*** Data shown Section Begins ***
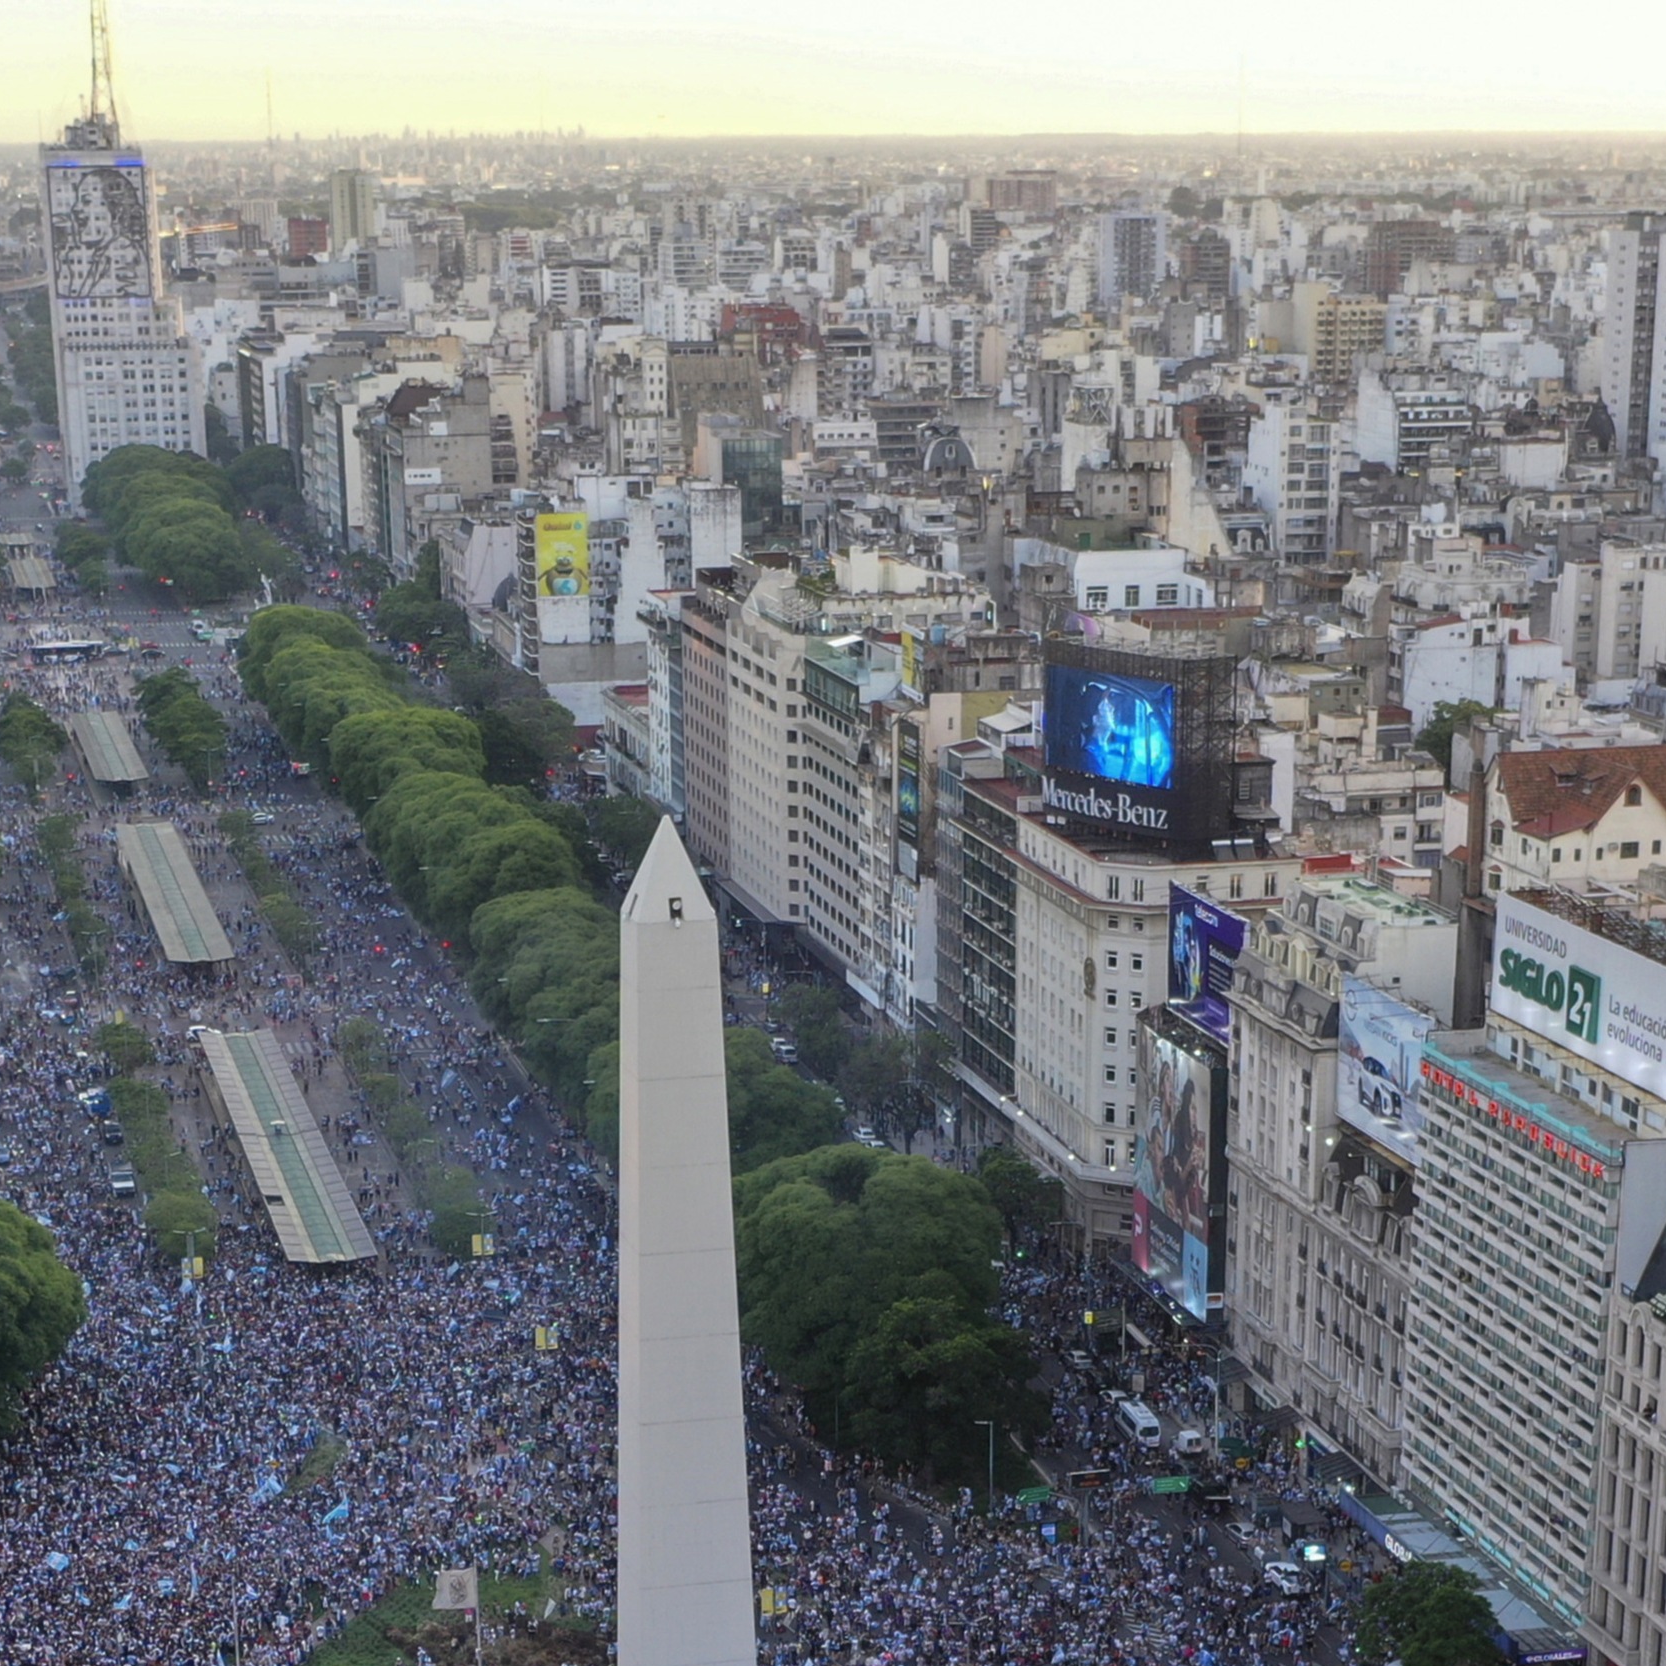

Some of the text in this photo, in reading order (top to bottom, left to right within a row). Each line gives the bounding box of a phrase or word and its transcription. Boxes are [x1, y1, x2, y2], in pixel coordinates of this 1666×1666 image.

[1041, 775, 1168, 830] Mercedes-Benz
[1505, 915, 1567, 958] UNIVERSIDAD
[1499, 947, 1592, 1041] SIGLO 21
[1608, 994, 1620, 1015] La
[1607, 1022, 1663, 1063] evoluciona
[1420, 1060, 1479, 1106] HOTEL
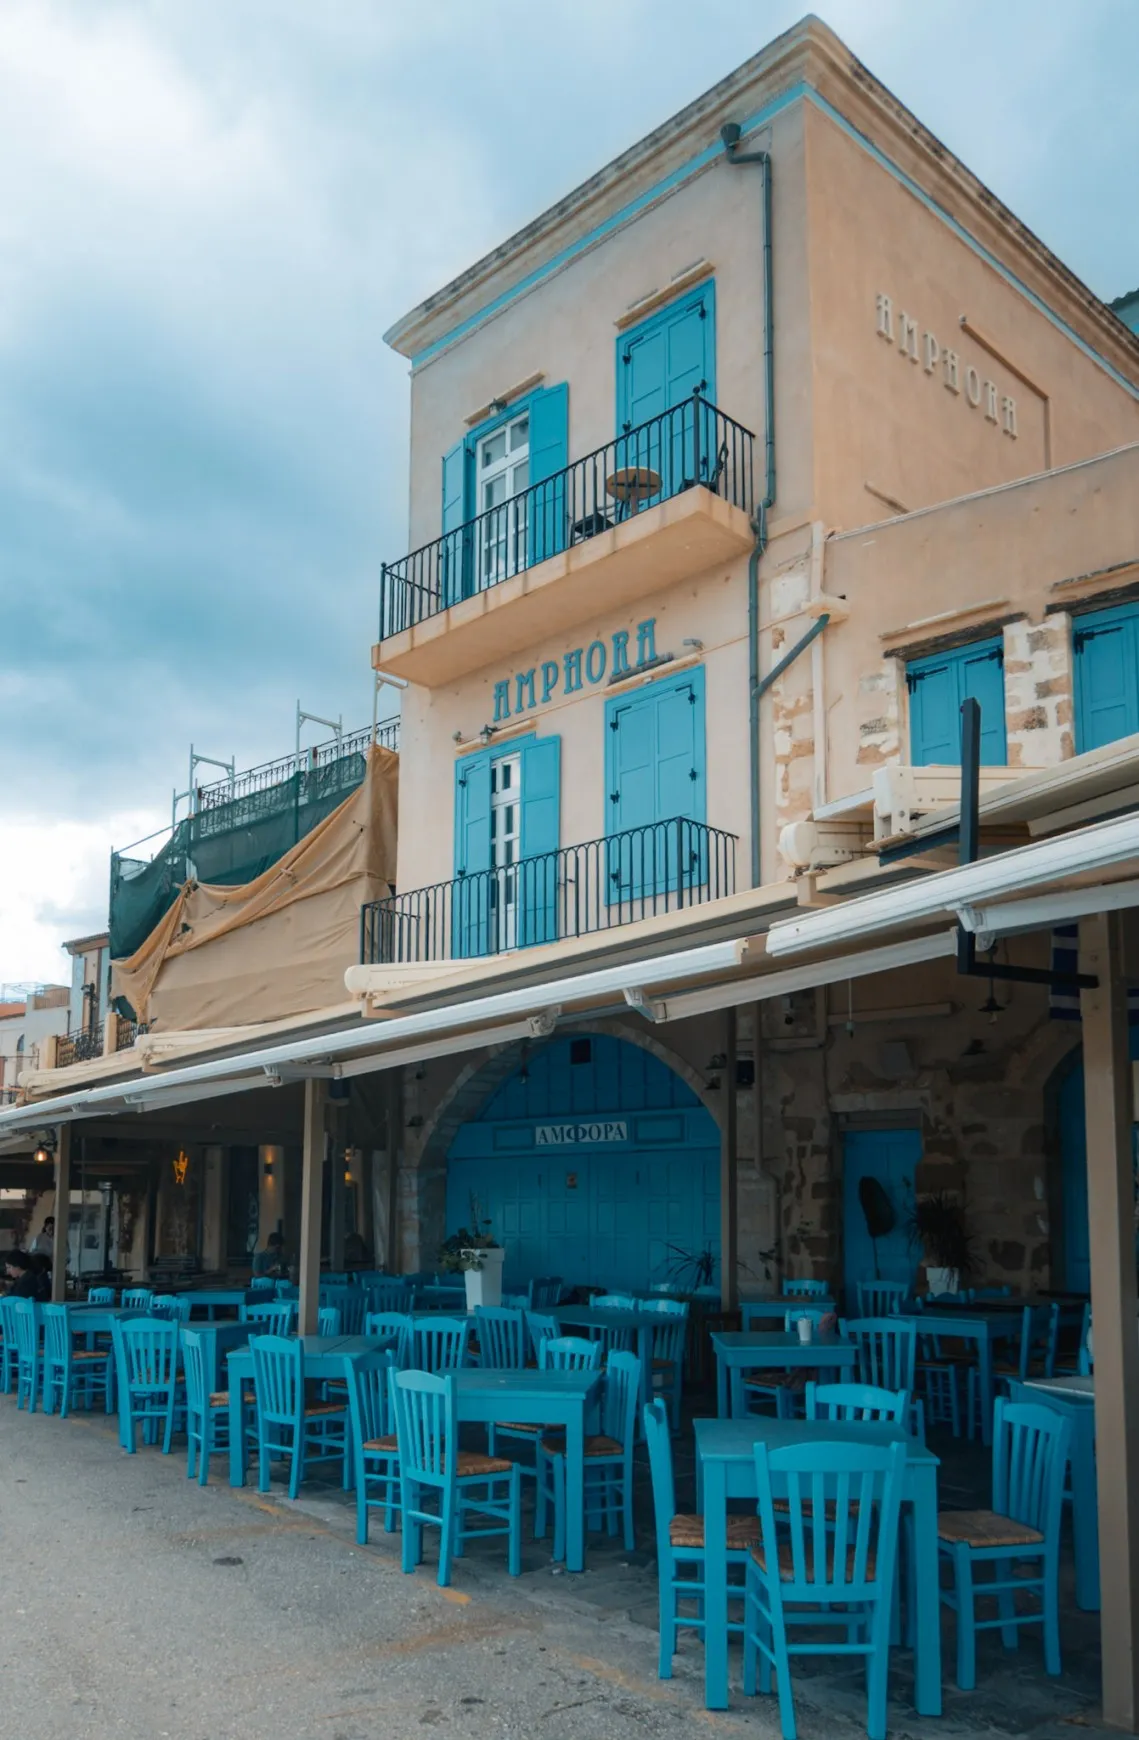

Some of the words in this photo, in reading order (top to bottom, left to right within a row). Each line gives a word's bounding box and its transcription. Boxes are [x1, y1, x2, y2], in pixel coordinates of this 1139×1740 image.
*** Data shown Section Ends ***
With images left out, the data must be transcribed exactly.

• Result of the task:
Some of the text in this photo, in reading order (top to bottom, left to right within a row). Each line gives the bounding box of a phrase or word and its transcription. Boxes are [x1, y1, x2, y2], in pixel coordinates of this 1666×1666 image.

[1041, 775, 1168, 830] Mercedes-Benz
[1505, 915, 1567, 958] UNIVERSIDAD
[1499, 947, 1592, 1041] SIGLO 21
[1608, 994, 1620, 1015] La
[1607, 1022, 1663, 1063] evoluciona
[1420, 1060, 1479, 1106] HOTEL

Some of the words in this photo, in reading order (top to bottom, left to right within a row). Each line gives a word's bounding box and its transcription. Boxes are [x1, y1, x2, y2], in pixel coordinates of this 1139×1740 image.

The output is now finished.